Toyota Safety Sense:トヨタの安全運転機能が第2世代に、自動ブレーキが進化

トヨタ自動車は、予防安全パッケージ「Toyota Safety Sense」に新機能を追加した第2世代版を2018年から導入する。センサーの性能向上により検知対象を拡大するとともに、ユニットを小型化して搭載性を向上する。

[提供:MONOist編集部,TechFactory]

 トヨタ自動車は2017年11月29日、予防安全パッケージ「Toyota Safety Sense」に新機能を追加した第2世代版を2018年から導入すると発表した。

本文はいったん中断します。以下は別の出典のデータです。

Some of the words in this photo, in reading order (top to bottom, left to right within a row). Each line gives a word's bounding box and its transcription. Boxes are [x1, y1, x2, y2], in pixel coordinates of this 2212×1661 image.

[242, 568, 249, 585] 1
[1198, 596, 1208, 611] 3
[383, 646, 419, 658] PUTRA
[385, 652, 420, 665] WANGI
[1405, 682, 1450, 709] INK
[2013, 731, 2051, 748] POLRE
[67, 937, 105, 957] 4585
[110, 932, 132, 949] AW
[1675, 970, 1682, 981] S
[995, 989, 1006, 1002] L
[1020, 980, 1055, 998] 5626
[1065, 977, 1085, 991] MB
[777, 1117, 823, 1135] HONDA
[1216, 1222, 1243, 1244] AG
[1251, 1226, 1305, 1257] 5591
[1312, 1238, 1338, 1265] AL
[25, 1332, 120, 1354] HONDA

 使用するセンサーは単眼カメラとミリ波レーダーで、現在のToyota Safety Sense Pと同じ構成となる。センサーの性能向上により検知対象を拡大するとともに、ユニットを小型化して搭載性を向上する。2018年初めに発売する新型車から、日本や北米、欧州を中心に順次採用車種を増やす。それ以外の地域でも、使用環境を確認しながら導入を検討していく。

夜間の歩行者や自転車の検知に対応

 自動ブレーキは、新たに夜間の歩行者や自転車を検知できるようになる。歩行者と自転車に対して自動ブレーキが作動する速度域は時速10〜80km。対車両では、現行のToyota Safety Sense Pと同様に時速10〜180kmだ。夜間の歩行者や自転車に対応した自動ブレーキは欧州の自動車アセスメント「Euro NCAP」の評価項目として追加される予定だ。

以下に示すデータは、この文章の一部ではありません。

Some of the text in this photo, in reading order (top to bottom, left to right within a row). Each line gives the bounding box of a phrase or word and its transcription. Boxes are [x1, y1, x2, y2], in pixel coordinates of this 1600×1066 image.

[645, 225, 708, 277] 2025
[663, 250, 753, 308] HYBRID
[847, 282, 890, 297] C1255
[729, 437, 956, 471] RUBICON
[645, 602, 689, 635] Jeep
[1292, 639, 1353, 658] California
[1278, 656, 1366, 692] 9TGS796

センサーの性能向上により、検知対象を夜間の歩行者や自転車に拡大した(クリックして拡大) 出典:トヨタ自動車 センサーの性能向上により、検知対象を夜間の歩行者や自転車に拡大した(クリックして拡大) 出典:トヨタ自動車

 また、カメラは主要な道路標識の認識にも対応。制限速度や一時停止、進入禁止など標識の内容をインストゥルメントパネルに標示することで、ドライバーの標識見落としを起こりにくくする。速度を超過した場合や、追い越し禁止区間での車線のはみ出しに対しては警報も発する。

 機能面では、車線維持支援が追加される。車速や車間距離を制御するレーダークルーズコントロールの使用中に、同一車線内の中央を走行できるよう、ステアリング操作をアシストする。白線のない直線道路では道路の端を認識することによる路外逸脱警報も作動する。現行のToyota Safety Senseでは車線維持支援がなく、車線逸脱警報や車線を踏み越えそうな時に車線の中央に戻そうとするステアリング制御といった機能にとどまっていた。

現行のToyota Safety Senseは2015年から採用をスタートし、現在までに日米欧のほぼ全ての乗用車で、標準装備もしくはオプション設定での搭載が完了したとしている。装着台数はグローバルで累計約500万台に上る。

 事故を防ぐ効果も明らかになっており、Toyota Safety Sense Pを搭載した「プリウス」を対象とした調査では、非搭載モデルと比較して追突事故が半減している。アクセルの踏み間違いや踏み過ぎによる衝突被害を軽減する「インテリジェントクリアランスソナー」とのToyota Safety Sense Pの組み合わせでは、追突事故が非搭載車と比較して9割減少した。

 レクサスブランドでは、これまでToyota Safety Sense Pと同等の機能を「Lexus Safety System +」として展開してきた。Toyota Safety Senseが第2世代版に移行するのに合わせて、Lexus Safety System +も同様に第2世代版の搭載を進める。